Brent touched one-week lows on Tuesday on worries the Fed would curb its monthly $85-billion bond purchases from next month, which could dampen demand for oil in the world’s No.1 consumer.
Supply risks amid tensions in Egypt and Libya provided some support to prices.
Brent crude for October delivery was off 14 cents at $110.01 a barrel by 0208 GMT.
U.S. October oil was little changed at $105.12 a barrel. The September contract expired on Tuesday, closing down 2 percent at $104.96, its largest one-day loss in two months.
“There is a risk revision on commodities in general now. A lot of money has come out of the market because of the uncertainty over the Fed’s stimulus policy, so expect to see rangebound trading like we have had in the past few weeks,” said Carl Larry, president of Houston-based consultancy Oil Outlooks and Opinions.
The Fed will release minutes of its latest policy meeting later on Wednesday, with investors looking for clues on when it plans to taper its bond purchases that have boosted market liquidity and supported commodities in recent years.
Political crisis in Egypt and labour unrest in Libya continued to stoke worries over supplies.
“Egypt is on the boil, and if this thing spins out of control you’ll have alarm bells going off among other producers in the region about a potential domino effect,” Larry said.
“Egypt is not a major oil producer but it is home to one of the most important shipping routes for commodities. If things go bad, who will ensure the security of the Suez Canal?”
In OPEC nation Libya, the head of the country’s Petroleum Facilities Guard said that striking workers at a key oil port had fired on civilians and injured at least one person.
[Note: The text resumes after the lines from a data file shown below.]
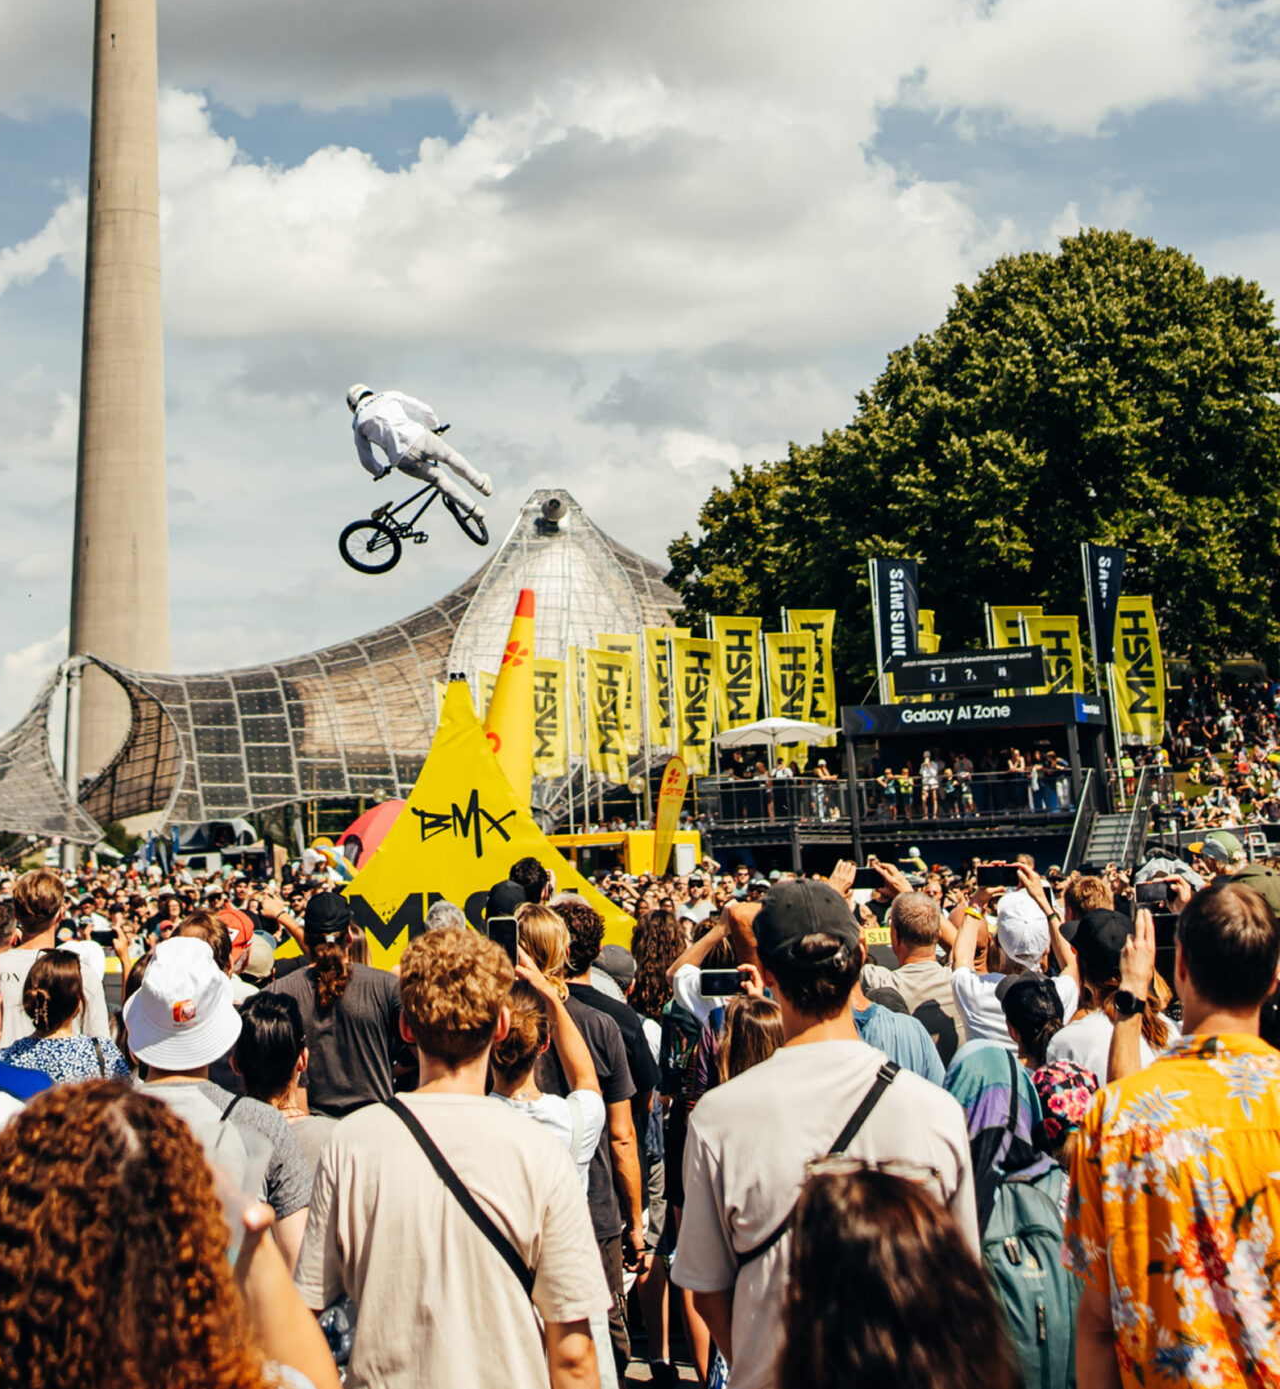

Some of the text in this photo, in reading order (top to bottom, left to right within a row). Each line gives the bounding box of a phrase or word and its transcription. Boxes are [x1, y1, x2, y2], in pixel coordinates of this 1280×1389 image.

[685, 650, 711, 746] MASH
[725, 629, 752, 722] MASH
[1120, 610, 1158, 715] MASH
[533, 670, 558, 758] MASH
[597, 662, 623, 755] MASH
[901, 705, 1011, 725] Galaxy AI Zone
[412, 789, 516, 859] BMX
[868, 931, 887, 943] SU
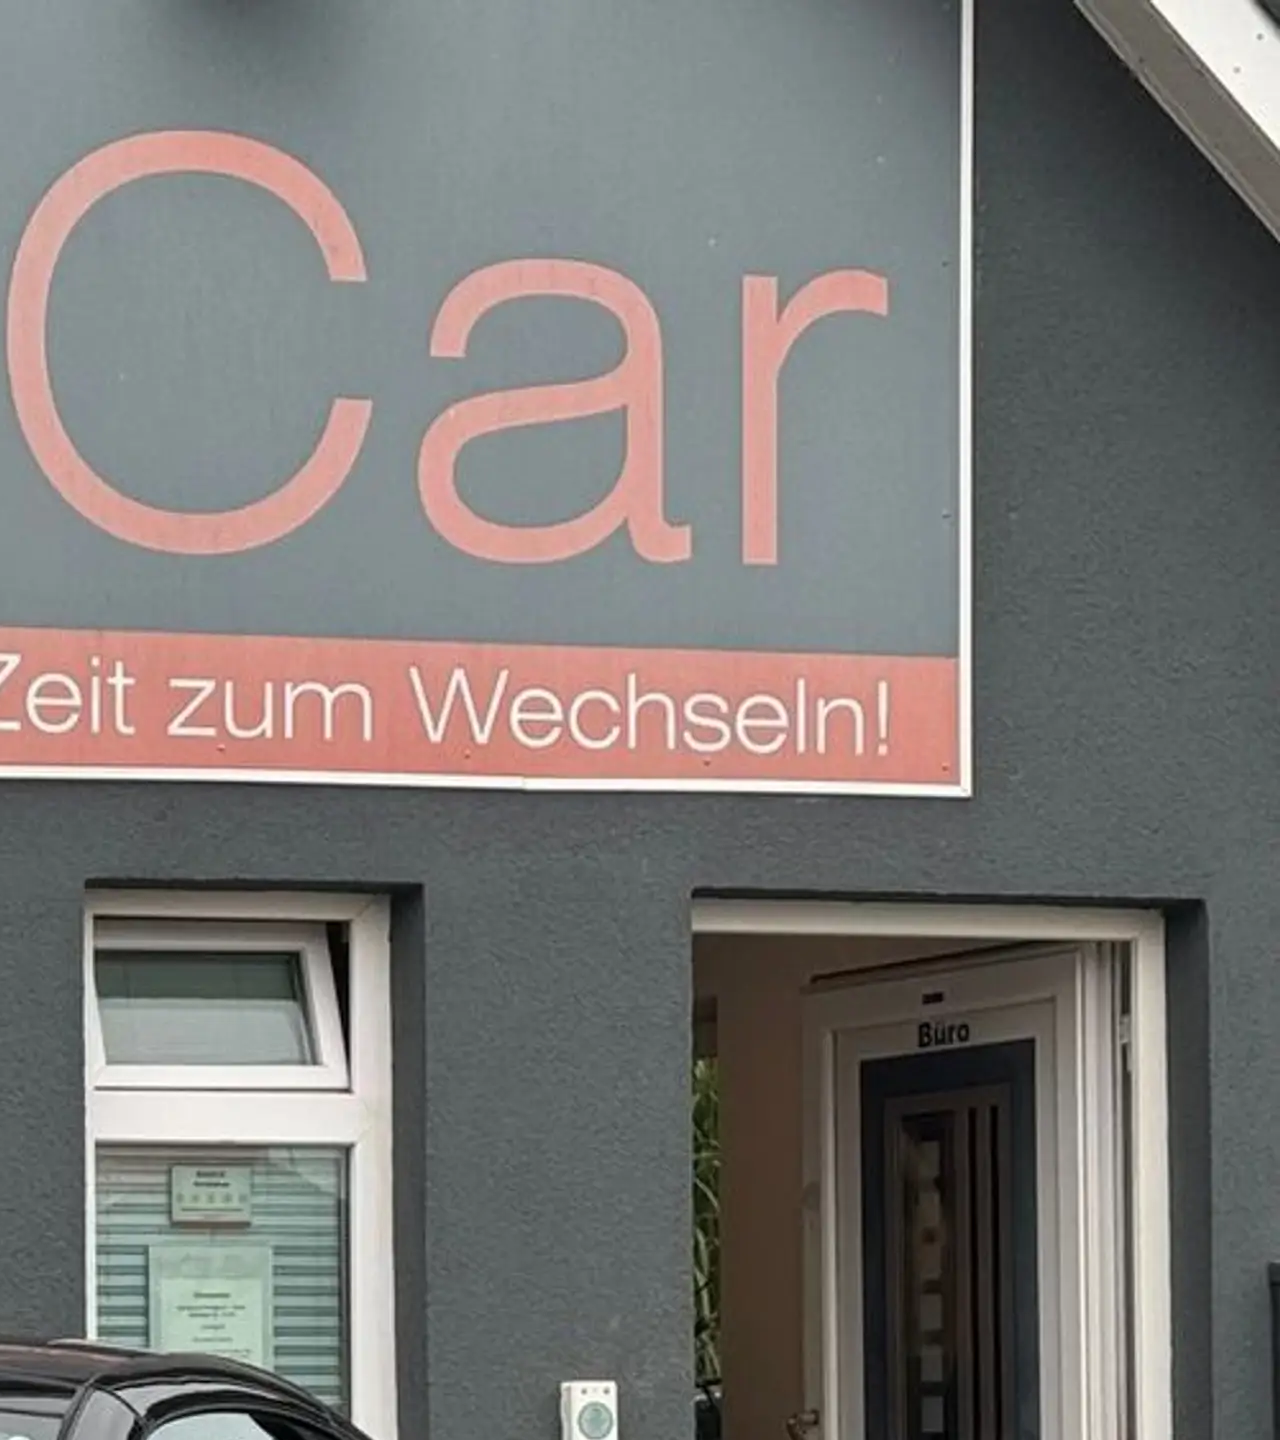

Independent confirmation of the shooting was not immediately available.
About half of Libya’s more than 1.2-million-barrel-per-day export capacity remains shut down due to civil unrest, industry sources said.
Elsewhere, U.S. commercial crude oil and gasoline inventories are forecast to have dropped last week, while distillate inventories likely rose, an expanded Reuters poll of analysts showed.